Le lacrime si trasformano in forza nelle braccia che aiutano nella deambulazione; la paura si muta in istanti presenti vissuti intensamente, come se ognuno di essi fosse l’ultimo, e per questo i più preziosi di sempre. Lo sconforto e la solitudine cedono il passo alle piccole grandi dosi di ottimismo che fanno vivere ogni giorno come un momento di gratitudine, come se non ci fosse un domani. La progettualità, una delle cicatrici più sofferte, cede il posto ad altri voleri, in un disegno più grande dell’individualità e del personale universo di ognuno.

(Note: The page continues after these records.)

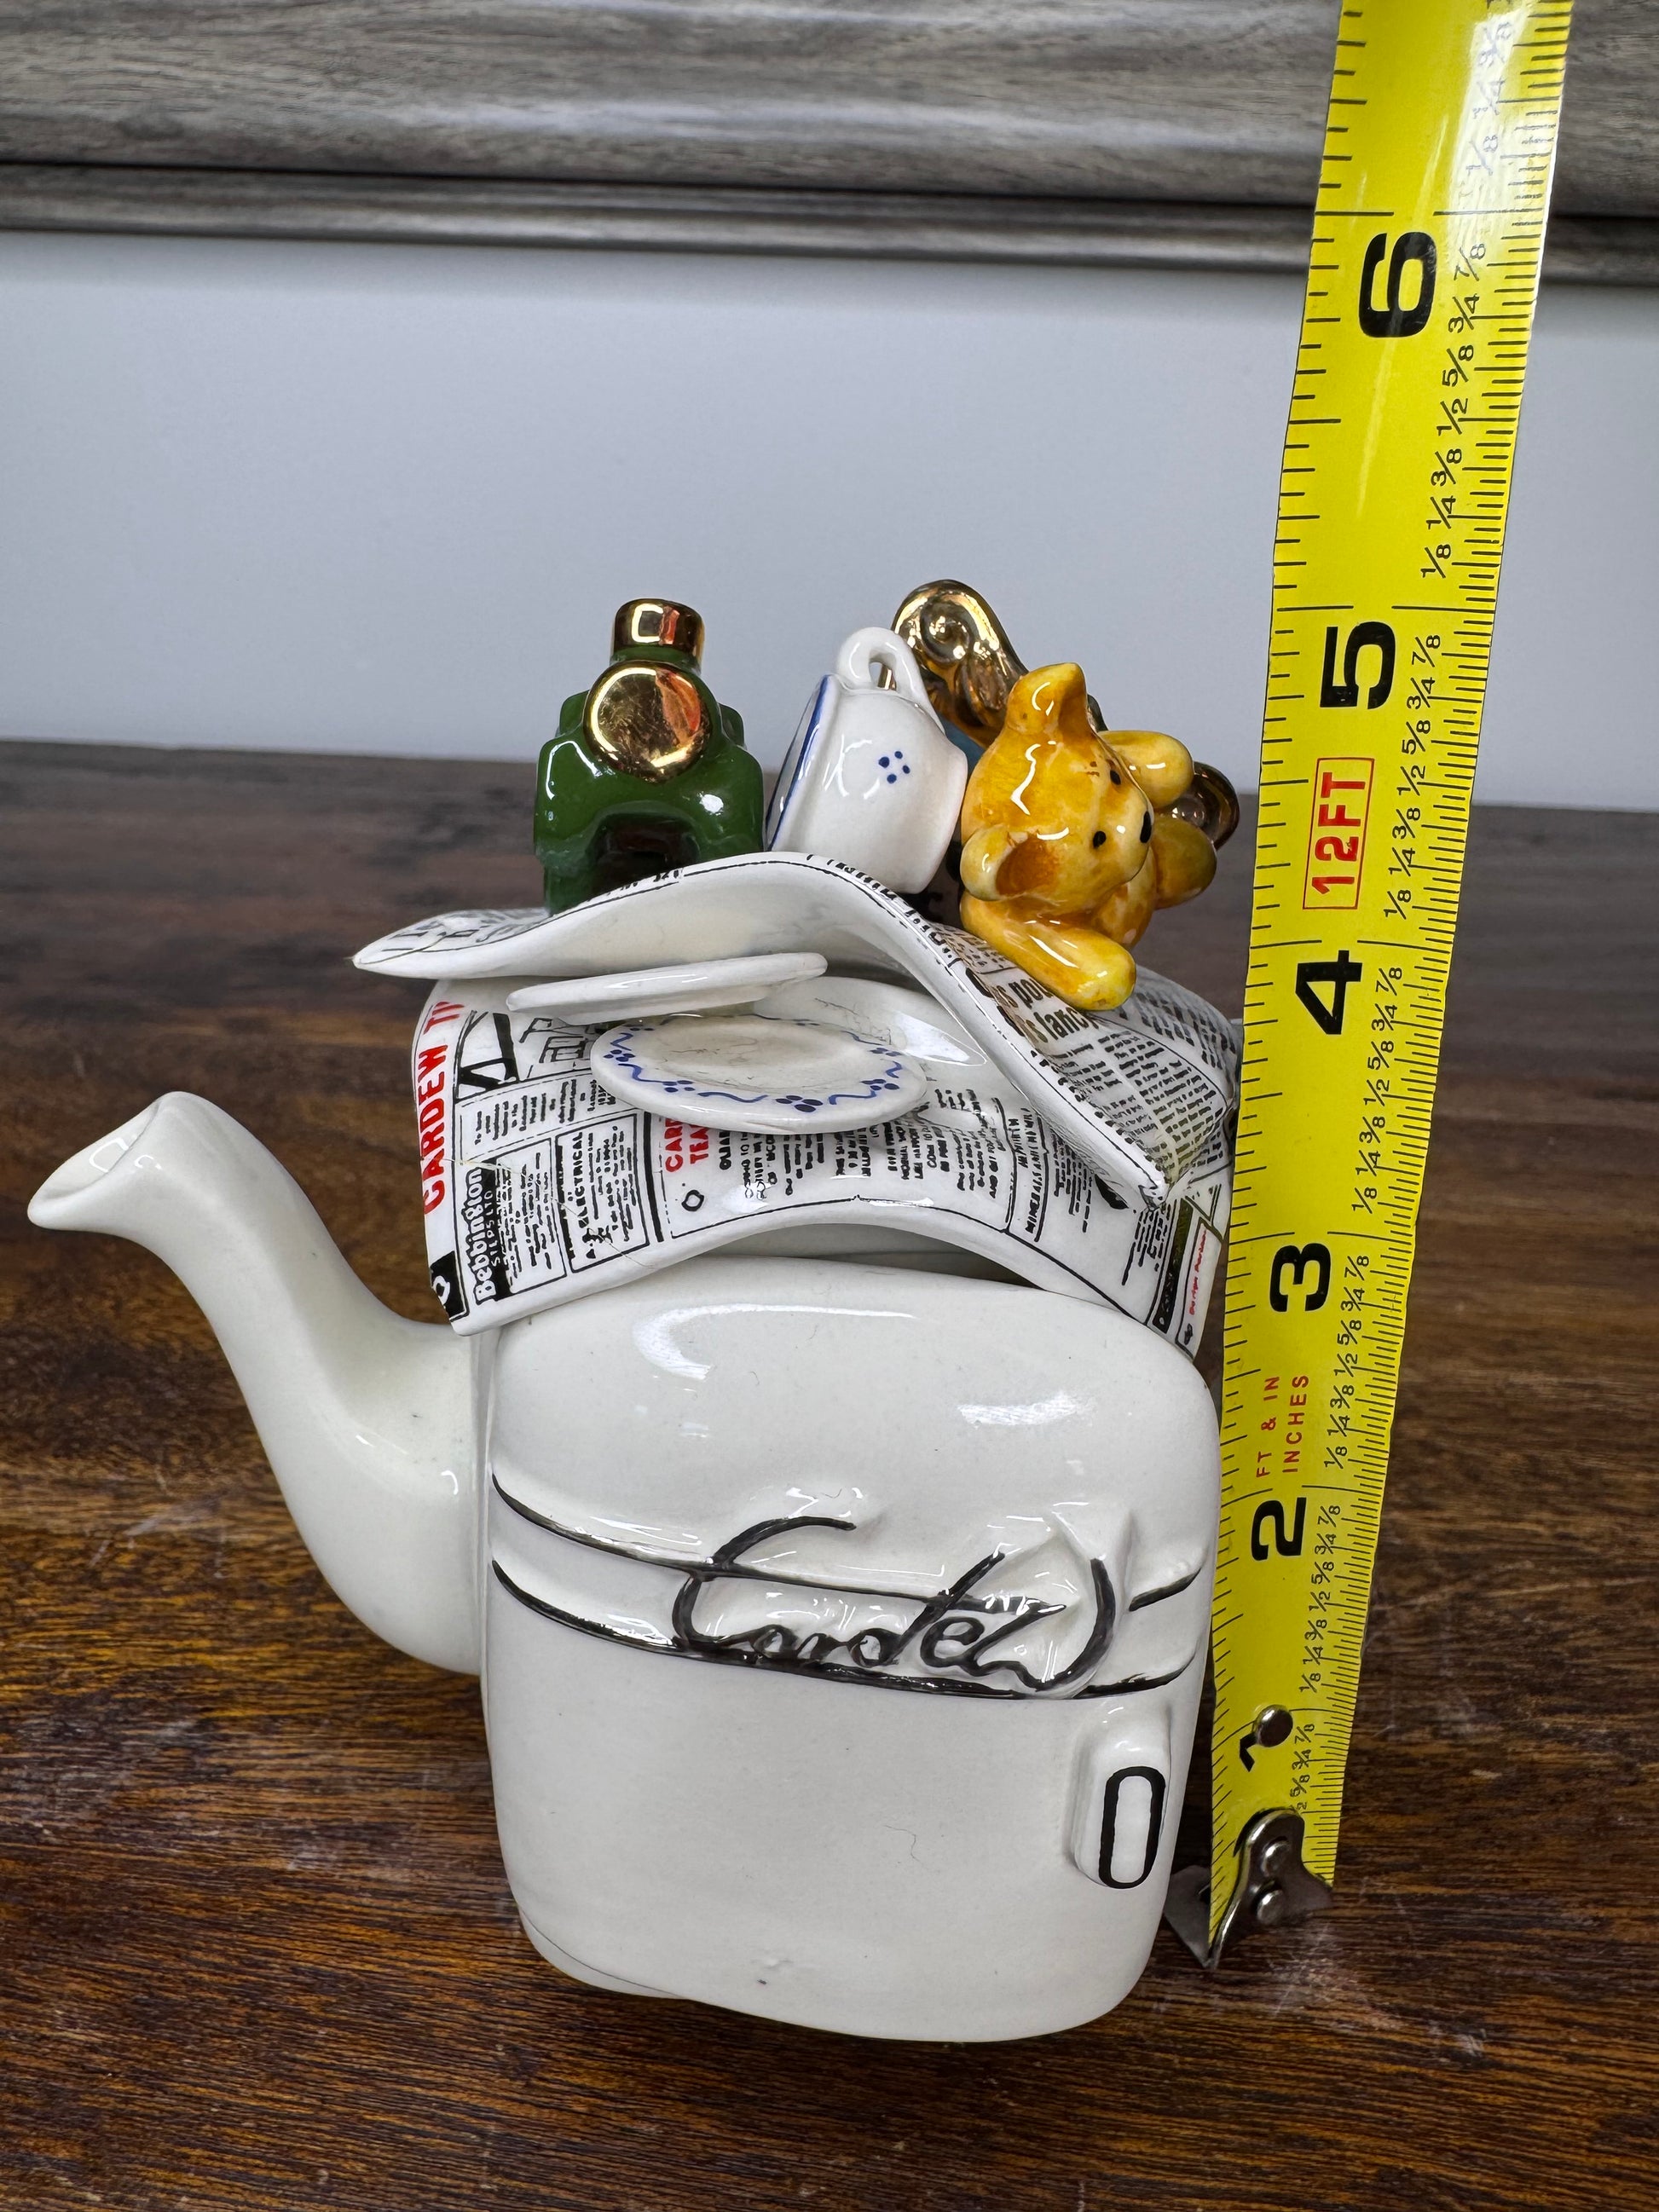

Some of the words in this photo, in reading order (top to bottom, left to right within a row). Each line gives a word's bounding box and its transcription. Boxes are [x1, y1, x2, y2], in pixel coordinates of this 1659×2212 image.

[1454, 243, 1486, 281] 7/8
[1358, 231, 1437, 338] 6
[1448, 292, 1480, 333] 3/4
[1442, 344, 1474, 387] 5/8
[1436, 398, 1468, 436] 1/2
[1431, 448, 1462, 487] 3/8
[1425, 495, 1456, 530] 1/4
[1420, 544, 1451, 579] 1/8
[1320, 621, 1396, 710] 5
[1411, 634, 1441, 667] 7/8
[1406, 676, 1436, 710] 3/4
[1402, 719, 1431, 754] 5/8
[1396, 765, 1426, 796] 1/2
[1311, 771, 1367, 894] 12FT
[1391, 807, 1421, 840] 3/8
[1388, 846, 1416, 877] 1/4
[1383, 889, 1412, 920] 1/8
[1295, 950, 1363, 1035] 4
[1375, 967, 1402, 996] 7/8
[1371, 1003, 1398, 1031] 3/4
[1367, 1040, 1394, 1070] 5/8
[1363, 1078, 1390, 1106] 1/2
[416, 1044, 449, 1215] CARDEW
[1359, 1116, 1386, 1143] 3/8
[1355, 1150, 1381, 1176] 1/4
[1351, 1187, 1378, 1214] 1/8
[463, 1168, 496, 1302] Bebbington
[1269, 1243, 1332, 1312] 3
[1344, 1256, 1369, 1280] 7/8
[1340, 1286, 1365, 1312] 3/4
[1337, 1320, 1361, 1346] 5/8
[1334, 1353, 1358, 1377] 1/2
[1263, 1377, 1280, 1401] IN
[1330, 1384, 1355, 1409] 3/8
[1261, 1417, 1276, 1431] &
[1282, 1375, 1309, 1473] INCHES
[1327, 1414, 1350, 1436] 1/4
[1256, 1451, 1272, 1478] FT
[1324, 1446, 1348, 1469] 1/8
[1251, 1497, 1307, 1561] 2
[1317, 1505, 1340, 1528] 7/8
[1314, 1533, 1337, 1555] 3/4
[1311, 1561, 1334, 1585] 5/8
[1309, 1591, 1331, 1612] 1/2
[1304, 1619, 1327, 1640] 3/8
[1299, 1673, 1321, 1693] 1/8

Il centro, in questo, ha il suo piccolo merito, aver concesso uno spazio protetto ai bambini e alle bambine che in quelle stanze diventano giovani uomini e donne, e uno spazio confidenziale dove i familiari condividono occasioni per scoprire e costruire nuove risorse, quelle indispensabili a mantenere i legami in famiglia, e ad amare i loro figli nella maniera in cui essi possono decifrare. Ed è stato anche grazie al supporto degli anni di terapia che Filippo oggi riesce a camminare tra le strade di Rocca San felice, nel giorno della XXIV festa medievale, nelle prime ore della festa, quando le bancherelle si sono appena accaparrate i loro spazi, gli stand delle bibite iniziano ad offrire i primi assaggi e anche i figuranti iniziano a scalpellare, coniare, sferruzzare, con la riproposizione dei mestieri e degli utensili antichi. In questa parata di fragranze, bellezze architettoniche, scorci paesaggistici, Filippo si blocca, arresta il suo passo incurante che la sorella sia avanti, inconsapevole che sua madre sia accanto a lui, fisso con lo sguardo sullo scintillio di luce di una lampada ad olio di una taverna; e di lì non si muove più.

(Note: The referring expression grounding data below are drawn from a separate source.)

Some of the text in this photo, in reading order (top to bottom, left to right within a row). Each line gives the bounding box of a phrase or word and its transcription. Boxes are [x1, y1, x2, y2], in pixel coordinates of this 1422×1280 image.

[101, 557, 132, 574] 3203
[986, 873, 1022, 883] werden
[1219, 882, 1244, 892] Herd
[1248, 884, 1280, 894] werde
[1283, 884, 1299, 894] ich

Lo capisce e lo sa Stefania che ha visto più volte il succedersi di azioni bloccate inaspettatamente e improvvisamente senza spiegazioni, da parte di quel figlio così misterioso ed amato; ma quell’immagine del suo bellissimo Filippo che mira una lampada antica è così poetica e surreale che anche lei si ferma volontariamente estasiata.
La gita a Rocca San Felice è finita, non ha rispettato l’itinerario previsto e programmato, ma del resto come Filippo ha ben insegnato a questi genitori, senza intervalli, la vita è caducità delle cose, dei luoghi, delle persone ed anche dei programmi che gli uomini ingenuamente si fanno senza troppa coscienza di come l’universo proceda.
Filippo come Giapeto, il titano più antico tra gli antenati del genere umano, sa che provare nostalgia di cosa sarebbe potuto essere e che non è stato, è poca cosa di fronte al mistero e all’infinito, e che l’uomo con la sua intelligenza e il suo desiderio di governare, riesce appena ad accarezzare.
Se gli eventi fossero potuti andare in un modo diverso ci sarebbero andati e nei luoghi della mente e del cuore la sofferenza può generare bellezza.